*WHAT NEEDS TO BE DONE*. Please print all of the entries, matching them exactly.

*Records from a data source*.
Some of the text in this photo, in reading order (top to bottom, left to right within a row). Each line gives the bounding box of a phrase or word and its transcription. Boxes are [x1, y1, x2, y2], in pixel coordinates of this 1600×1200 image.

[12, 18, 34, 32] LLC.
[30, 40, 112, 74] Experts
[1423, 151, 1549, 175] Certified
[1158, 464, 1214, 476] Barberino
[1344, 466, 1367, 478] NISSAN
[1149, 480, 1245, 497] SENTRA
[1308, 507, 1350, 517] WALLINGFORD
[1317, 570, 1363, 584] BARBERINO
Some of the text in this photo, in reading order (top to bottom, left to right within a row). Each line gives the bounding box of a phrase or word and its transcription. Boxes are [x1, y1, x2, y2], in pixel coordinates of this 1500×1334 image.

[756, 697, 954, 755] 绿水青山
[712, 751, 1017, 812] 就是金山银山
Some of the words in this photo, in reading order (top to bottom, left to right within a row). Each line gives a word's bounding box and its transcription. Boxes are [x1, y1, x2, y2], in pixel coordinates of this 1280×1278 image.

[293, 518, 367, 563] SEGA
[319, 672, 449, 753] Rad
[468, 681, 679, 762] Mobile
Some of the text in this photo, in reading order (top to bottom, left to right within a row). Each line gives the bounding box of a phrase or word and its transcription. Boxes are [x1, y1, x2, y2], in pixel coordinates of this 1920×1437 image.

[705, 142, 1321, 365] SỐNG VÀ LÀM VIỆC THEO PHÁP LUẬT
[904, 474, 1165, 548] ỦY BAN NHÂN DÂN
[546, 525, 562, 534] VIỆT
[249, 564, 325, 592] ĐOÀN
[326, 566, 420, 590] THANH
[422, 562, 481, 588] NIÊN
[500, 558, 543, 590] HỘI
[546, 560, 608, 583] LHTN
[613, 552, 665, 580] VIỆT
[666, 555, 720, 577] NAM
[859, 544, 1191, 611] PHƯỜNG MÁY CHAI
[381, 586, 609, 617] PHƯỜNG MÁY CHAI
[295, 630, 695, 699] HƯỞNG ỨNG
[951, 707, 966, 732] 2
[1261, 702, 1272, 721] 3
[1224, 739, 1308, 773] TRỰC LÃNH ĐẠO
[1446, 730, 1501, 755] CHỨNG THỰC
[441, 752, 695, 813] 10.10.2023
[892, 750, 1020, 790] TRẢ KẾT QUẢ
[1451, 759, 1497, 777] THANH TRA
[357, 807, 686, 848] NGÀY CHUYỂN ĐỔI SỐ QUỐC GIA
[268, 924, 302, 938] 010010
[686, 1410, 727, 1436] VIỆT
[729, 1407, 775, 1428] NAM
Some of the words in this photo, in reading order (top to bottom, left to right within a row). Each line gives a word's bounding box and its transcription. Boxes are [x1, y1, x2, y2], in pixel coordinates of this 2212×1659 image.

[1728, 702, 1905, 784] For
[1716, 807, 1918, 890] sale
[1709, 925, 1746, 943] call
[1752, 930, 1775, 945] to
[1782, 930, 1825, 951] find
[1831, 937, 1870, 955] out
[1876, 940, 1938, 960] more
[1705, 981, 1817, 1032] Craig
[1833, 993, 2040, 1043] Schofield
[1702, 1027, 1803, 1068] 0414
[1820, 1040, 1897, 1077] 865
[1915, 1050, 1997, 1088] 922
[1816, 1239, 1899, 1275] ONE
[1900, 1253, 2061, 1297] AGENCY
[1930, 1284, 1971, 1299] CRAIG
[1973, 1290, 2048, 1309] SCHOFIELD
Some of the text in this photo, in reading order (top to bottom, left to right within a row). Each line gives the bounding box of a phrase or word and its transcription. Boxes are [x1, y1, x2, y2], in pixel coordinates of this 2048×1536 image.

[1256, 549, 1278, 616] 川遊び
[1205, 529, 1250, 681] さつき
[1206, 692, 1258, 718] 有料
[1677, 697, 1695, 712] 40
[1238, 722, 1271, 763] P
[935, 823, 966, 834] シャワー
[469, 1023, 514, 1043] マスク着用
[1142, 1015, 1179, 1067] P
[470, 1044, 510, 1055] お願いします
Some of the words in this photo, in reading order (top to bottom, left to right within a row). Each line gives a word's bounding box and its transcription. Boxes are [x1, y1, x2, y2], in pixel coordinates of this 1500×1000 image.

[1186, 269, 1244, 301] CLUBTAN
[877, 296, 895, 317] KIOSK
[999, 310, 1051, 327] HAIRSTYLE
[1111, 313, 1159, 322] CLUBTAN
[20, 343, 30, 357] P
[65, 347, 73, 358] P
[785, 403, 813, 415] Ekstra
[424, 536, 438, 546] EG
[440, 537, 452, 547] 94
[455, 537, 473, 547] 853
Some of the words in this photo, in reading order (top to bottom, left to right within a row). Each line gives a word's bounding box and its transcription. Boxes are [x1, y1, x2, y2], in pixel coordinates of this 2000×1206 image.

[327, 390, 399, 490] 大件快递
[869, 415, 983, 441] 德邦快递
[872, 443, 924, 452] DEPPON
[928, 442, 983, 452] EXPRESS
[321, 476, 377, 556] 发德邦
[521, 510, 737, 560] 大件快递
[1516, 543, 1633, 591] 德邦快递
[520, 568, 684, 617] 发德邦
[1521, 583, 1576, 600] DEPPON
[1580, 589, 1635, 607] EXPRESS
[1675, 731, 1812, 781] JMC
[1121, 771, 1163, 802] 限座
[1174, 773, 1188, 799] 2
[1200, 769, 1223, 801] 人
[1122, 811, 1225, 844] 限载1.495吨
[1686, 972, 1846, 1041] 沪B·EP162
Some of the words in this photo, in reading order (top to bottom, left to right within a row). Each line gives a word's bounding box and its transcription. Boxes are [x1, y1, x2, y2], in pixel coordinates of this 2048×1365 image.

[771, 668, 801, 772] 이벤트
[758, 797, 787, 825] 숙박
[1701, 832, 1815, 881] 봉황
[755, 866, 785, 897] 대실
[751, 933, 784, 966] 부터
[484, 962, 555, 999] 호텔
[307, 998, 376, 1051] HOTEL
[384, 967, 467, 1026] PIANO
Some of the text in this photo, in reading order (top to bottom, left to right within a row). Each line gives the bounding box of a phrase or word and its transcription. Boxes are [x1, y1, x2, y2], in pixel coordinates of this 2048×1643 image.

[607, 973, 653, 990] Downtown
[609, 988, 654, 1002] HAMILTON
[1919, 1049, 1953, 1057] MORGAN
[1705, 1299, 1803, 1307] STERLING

*FINISHED TASK*.
Some of the text in this photo, in reading order (top to bottom, left to right within a row). Each line gives the bounding box of a phrase or word and its transcription. Boxes are [x1, y1, x2, y2], in pixel coordinates of this 1600×1200 image.

[12, 18, 34, 32] LLC.
[30, 40, 112, 74] Experts
[1423, 151, 1549, 175] Certified
[1158, 464, 1214, 476] Barberino
[1344, 466, 1367, 478] NISSAN
[1149, 480, 1245, 497] SENTRA
[1308, 507, 1350, 517] WALLINGFORD
[1317, 570, 1363, 584] BARBERINO
Some of the text in this photo, in reading order (top to bottom, left to right within a row). Each line gives the bounding box of a phrase or word and its transcription. Boxes are [x1, y1, x2, y2], in pixel coordinates of this 1500×1334 image.

[756, 697, 954, 755] 绿水青山
[712, 751, 1017, 812] 就是金山银山
Some of the words in this photo, in reading order (top to bottom, left to right within a row). Each line gives a word's bounding box and its transcription. Boxes are [x1, y1, x2, y2], in pixel coordinates of this 1280×1278 image.

[293, 518, 367, 563] SEGA
[319, 672, 449, 753] Rad
[468, 681, 679, 762] Mobile
Some of the text in this photo, in reading order (top to bottom, left to right within a row). Each line gives the bounding box of a phrase or word and its transcription. Boxes are [x1, y1, x2, y2], in pixel coordinates of this 1920×1437 image.

[705, 142, 1321, 365] SỐNG VÀ LÀM VIỆC THEO PHÁP LUẬT
[904, 474, 1165, 548] ỦY BAN NHÂN DÂN
[546, 525, 562, 534] VIỆT
[249, 564, 325, 592] ĐOÀN
[326, 566, 420, 590] THANH
[422, 562, 481, 588] NIÊN
[500, 558, 543, 590] HỘI
[546, 560, 608, 583] LHTN
[613, 552, 665, 580] VIỆT
[666, 555, 720, 577] NAM
[859, 544, 1191, 611] PHƯỜNG MÁY CHAI
[381, 586, 609, 617] PHƯỜNG MÁY CHAI
[295, 630, 695, 699] HƯỞNG ỨNG
[951, 707, 966, 732] 2
[1261, 702, 1272, 721] 3
[1224, 739, 1308, 773] TRỰC LÃNH ĐẠO
[1446, 730, 1501, 755] CHỨNG THỰC
[441, 752, 695, 813] 10.10.2023
[892, 750, 1020, 790] TRẢ KẾT QUẢ
[1451, 759, 1497, 777] THANH TRA
[357, 807, 686, 848] NGÀY CHUYỂN ĐỔI SỐ QUỐC GIA
[268, 924, 302, 938] 010010
[686, 1410, 727, 1436] VIỆT
[729, 1407, 775, 1428] NAM
Some of the words in this photo, in reading order (top to bottom, left to right within a row). Each line gives a word's bounding box and its transcription. Boxes are [x1, y1, x2, y2], in pixel coordinates of this 2212×1659 image.

[1728, 702, 1905, 784] For
[1716, 807, 1918, 890] sale
[1709, 925, 1746, 943] call
[1752, 930, 1775, 945] to
[1782, 930, 1825, 951] find
[1831, 937, 1870, 955] out
[1876, 940, 1938, 960] more
[1705, 981, 1817, 1032] Craig
[1833, 993, 2040, 1043] Schofield
[1702, 1027, 1803, 1068] 0414
[1820, 1040, 1897, 1077] 865
[1915, 1050, 1997, 1088] 922
[1816, 1239, 1899, 1275] ONE
[1900, 1253, 2061, 1297] AGENCY
[1930, 1284, 1971, 1299] CRAIG
[1973, 1290, 2048, 1309] SCHOFIELD
Some of the text in this photo, in reading order (top to bottom, left to right within a row). Each line gives the bounding box of a phrase or word and its transcription. Boxes are [x1, y1, x2, y2], in pixel coordinates of this 2048×1536 image.

[1256, 549, 1278, 616] 川遊び
[1205, 529, 1250, 681] さつき
[1206, 692, 1258, 718] 有料
[1677, 697, 1695, 712] 40
[1238, 722, 1271, 763] P
[935, 823, 966, 834] シャワー
[469, 1023, 514, 1043] マスク着用
[1142, 1015, 1179, 1067] P
[470, 1044, 510, 1055] お願いします
Some of the words in this photo, in reading order (top to bottom, left to right within a row). Each line gives a word's bounding box and its transcription. Boxes are [x1, y1, x2, y2], in pixel coordinates of this 1500×1000 image.

[1186, 269, 1244, 301] CLUBTAN
[877, 296, 895, 317] KIOSK
[999, 310, 1051, 327] HAIRSTYLE
[1111, 313, 1159, 322] CLUBTAN
[20, 343, 30, 357] P
[65, 347, 73, 358] P
[785, 403, 813, 415] Ekstra
[424, 536, 438, 546] EG
[440, 537, 452, 547] 94
[455, 537, 473, 547] 853
Some of the words in this photo, in reading order (top to bottom, left to right within a row). Each line gives a word's bounding box and its transcription. Boxes are [x1, y1, x2, y2], in pixel coordinates of this 2000×1206 image.

[327, 390, 399, 490] 大件快递
[869, 415, 983, 441] 德邦快递
[872, 443, 924, 452] DEPPON
[928, 442, 983, 452] EXPRESS
[321, 476, 377, 556] 发德邦
[521, 510, 737, 560] 大件快递
[1516, 543, 1633, 591] 德邦快递
[520, 568, 684, 617] 发德邦
[1521, 583, 1576, 600] DEPPON
[1580, 589, 1635, 607] EXPRESS
[1675, 731, 1812, 781] JMC
[1121, 771, 1163, 802] 限座
[1174, 773, 1188, 799] 2
[1200, 769, 1223, 801] 人
[1122, 811, 1225, 844] 限载1.495吨
[1686, 972, 1846, 1041] 沪B·EP162
Some of the words in this photo, in reading order (top to bottom, left to right within a row). Each line gives a word's bounding box and its transcription. Boxes are [x1, y1, x2, y2], in pixel coordinates of this 2048×1365 image.

[771, 668, 801, 772] 이벤트
[758, 797, 787, 825] 숙박
[1701, 832, 1815, 881] 봉황
[755, 866, 785, 897] 대실
[751, 933, 784, 966] 부터
[484, 962, 555, 999] 호텔
[307, 998, 376, 1051] HOTEL
[384, 967, 467, 1026] PIANO
Some of the text in this photo, in reading order (top to bottom, left to right within a row). Each line gives the bounding box of a phrase or word and its transcription. Boxes are [x1, y1, x2, y2], in pixel coordinates of this 2048×1643 image.

[607, 973, 653, 990] Downtown
[609, 988, 654, 1002] HAMILTON
[1919, 1049, 1953, 1057] MORGAN
[1705, 1299, 1803, 1307] STERLING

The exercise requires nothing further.